(GIVEN DATA)

+===+

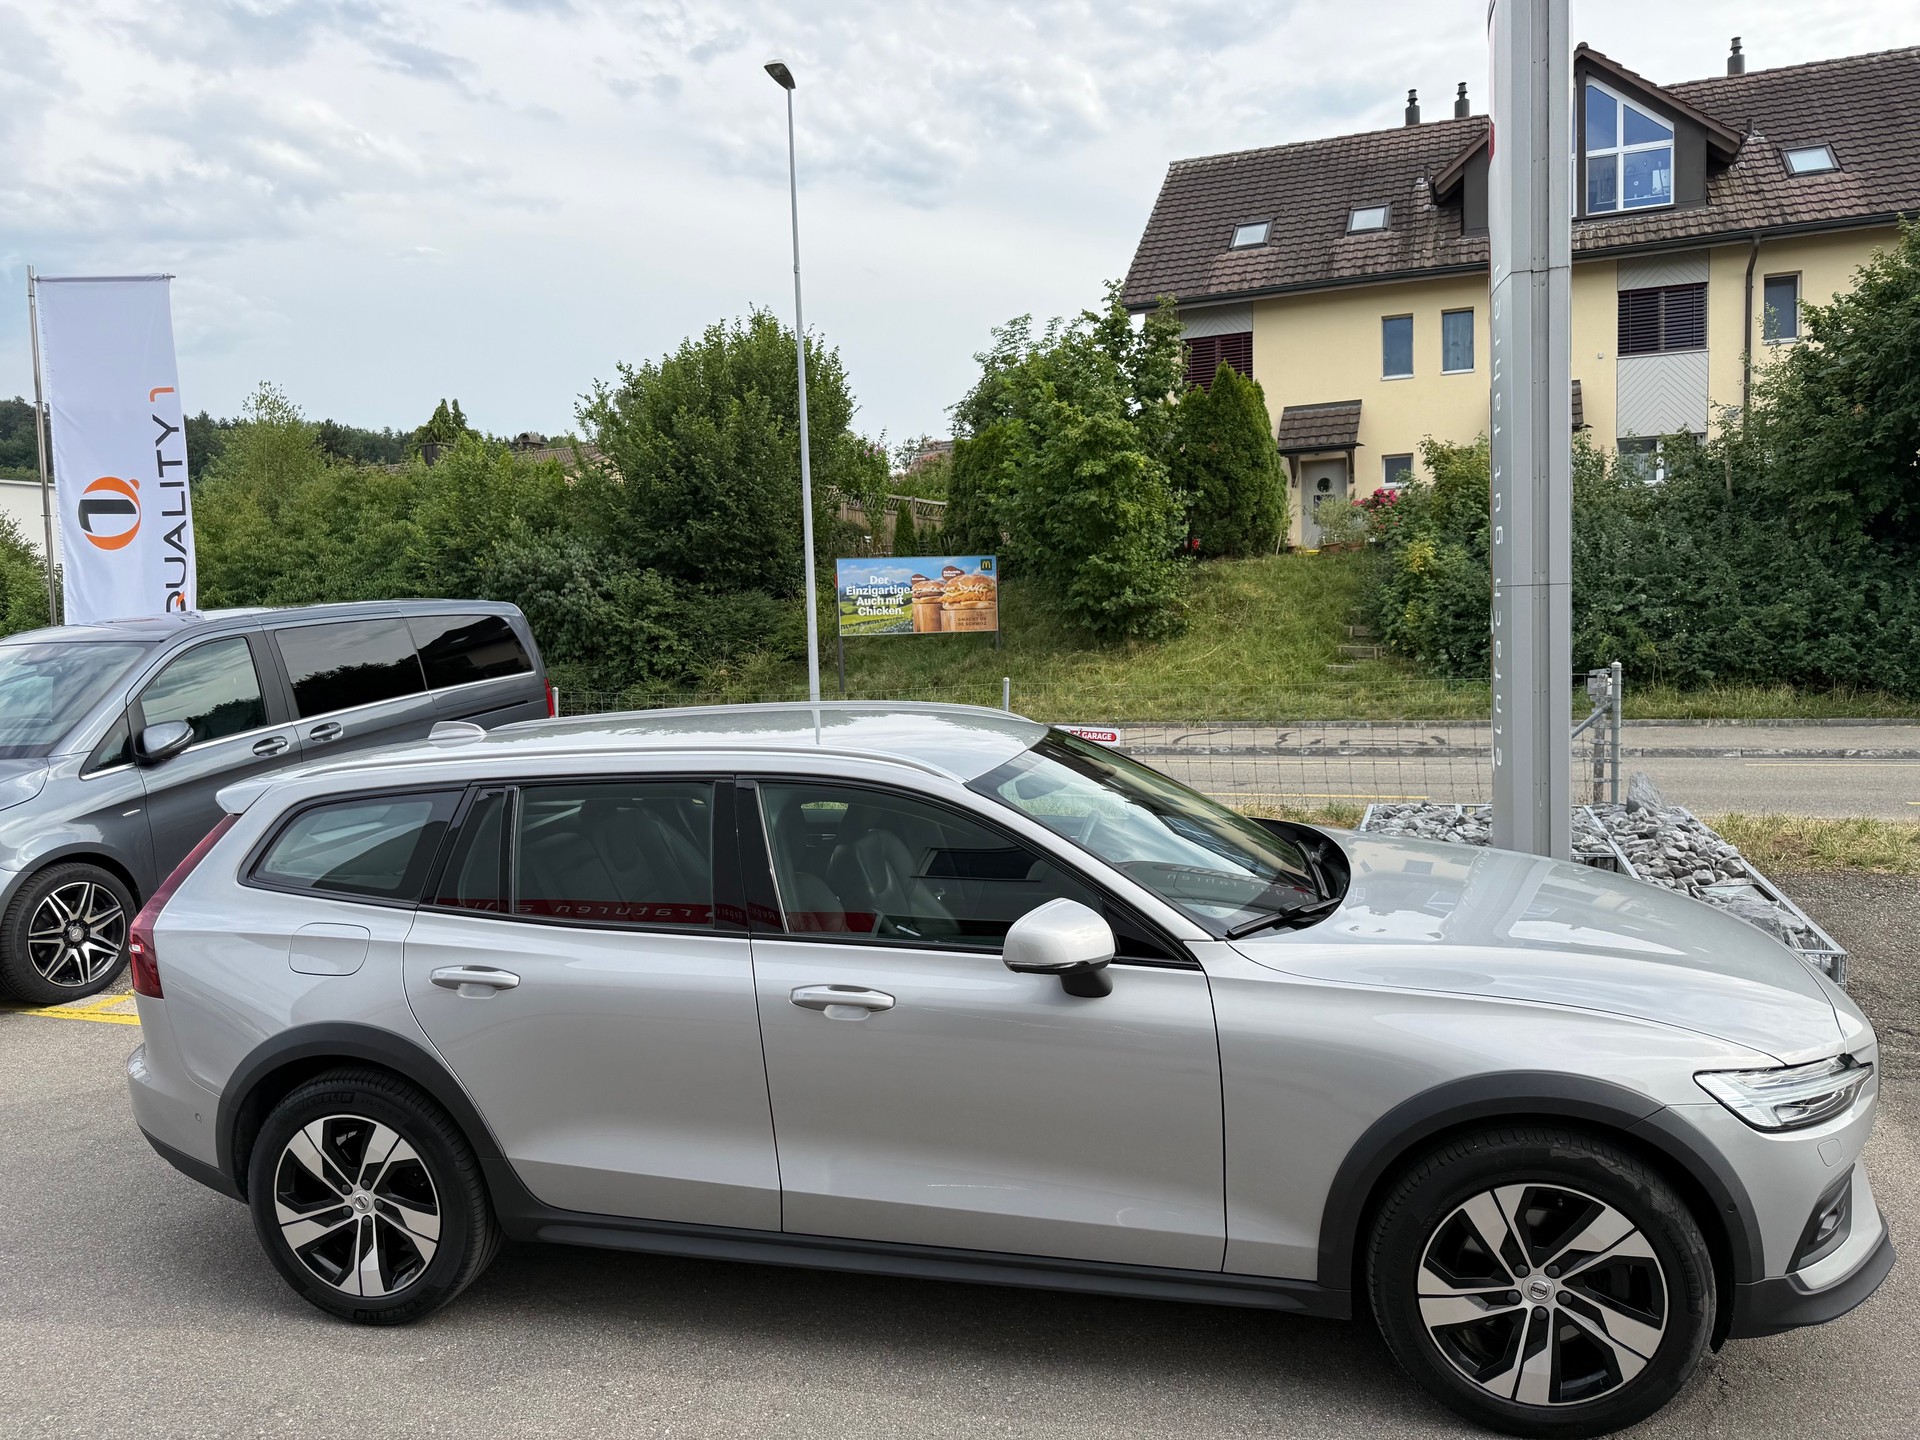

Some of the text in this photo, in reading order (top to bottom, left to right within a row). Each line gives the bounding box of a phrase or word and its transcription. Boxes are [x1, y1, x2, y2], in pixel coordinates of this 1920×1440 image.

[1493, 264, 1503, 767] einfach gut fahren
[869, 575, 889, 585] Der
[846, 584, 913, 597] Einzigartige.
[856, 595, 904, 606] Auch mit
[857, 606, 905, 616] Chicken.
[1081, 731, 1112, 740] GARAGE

+===+

(PROBLEM STATEMENT) Print out the material verbatim, skipping pictures.

(ANSWER AREA)
Some of the text in this photo, in reading order (top to bottom, left to right within a row). Each line gives the bounding box of a phrase or word and its transcription. Boxes are [x1, y1, x2, y2], in pixel coordinates of this 1920×1440 image.

[1493, 264, 1503, 767] einfach gut fahren
[869, 575, 889, 585] Der
[846, 584, 913, 597] Einzigartige.
[856, 595, 904, 606] Auch mit
[857, 606, 905, 616] Chicken.
[1081, 731, 1112, 740] GARAGE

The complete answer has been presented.